Today, disgraced Cardinal George Pell will learn his fate when the Supreme Court of Victoria hands down its decision on his appeal.
I’m not powerful or an academic expert but I know far more than anyone should about paedophile priests — I was just 13 when I became the victim of one myself.
John Philip Aitchison abused me for two years, raping me in both the church and my own bedroom. Last year he was jailed for nine years (five non-parole) for what he did to me.
His abuse snuffed out the girl that I was, the girl in the Year One photos who had potential and hope for the future.
That’s why I know that today, regardless of the outcome, will not be easy for the tens of thousands of victims of abuse across this country, especially those who have spent a lifetime waiting for justice that will never come.
It is for them, but also for myself, that I am sharing this, an excerpt from the victim impact statement that I read out in court one year ago this month, at the sentencing of my abuser.
Remember us today, the survivors, and remember that when you pass judgment on one of us, you’re judging all of us. So be brave. Make a different choice — remember us, and what was taken from us, instead of focusing on the perpetrators and what they’ve lost as a result of their own deplorable actions.
This is my story.
I was 13 when Father John Aitchison first raped me on a church pew after violin practice. Like an atomic bomb, my life changed instantaneously. My identity as a girl, my body, my voice as a musician, my ability to forgive myself — he took it all. He rewrote who I was meant to be, he manipulated the weaknesses in my temperament and he amputated my sense of safety.

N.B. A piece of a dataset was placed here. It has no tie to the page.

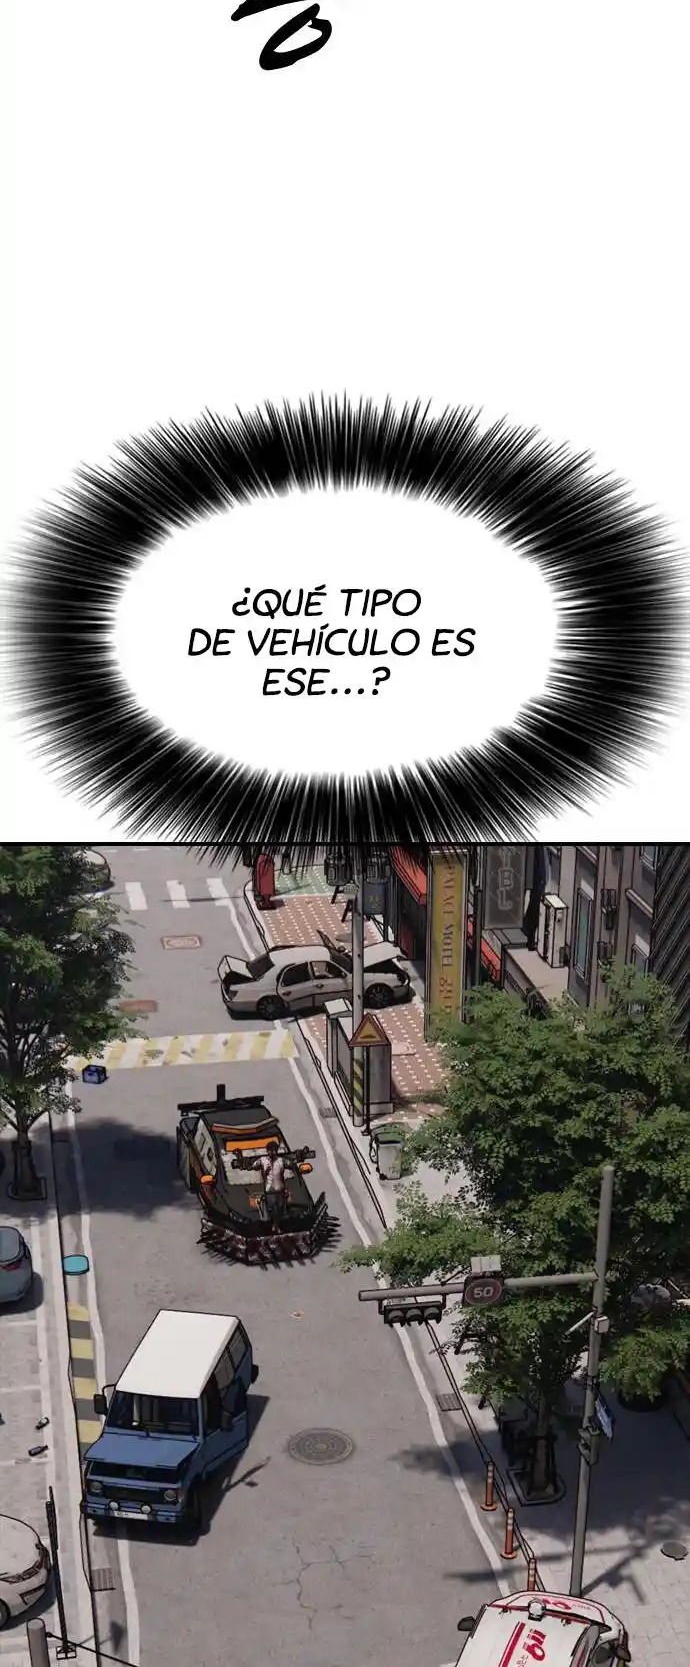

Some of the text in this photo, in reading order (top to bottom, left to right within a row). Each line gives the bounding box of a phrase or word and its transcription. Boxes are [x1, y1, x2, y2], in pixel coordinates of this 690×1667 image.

I remember I was proud I’d just learned to French braid my hair, I thought wearing odd socks was an act of serious rebellion. And then my safe spaces just disappeared.
Instead, my own bedroom was somewhere I was raped. Those Canberra blossom trees aren’t beautiful. The smell of summer wattle and water from the pool I used to love became something awful that I ran away from. And on every corner, a church.
Childhood should be an adventure with people who love you, where you learn stuff about yourself with limited consequences. Safety is assumed, trust is taken for granted and your body is one more thing to be proud of.
My experience was different. It was so different. John Aitchison had already lived his childhood. It wasn’t enough somehow, so he took mine too. The loss of that can’t be measured. It can’t be given back. To be raped inside a church. There are no words for the terror I felt.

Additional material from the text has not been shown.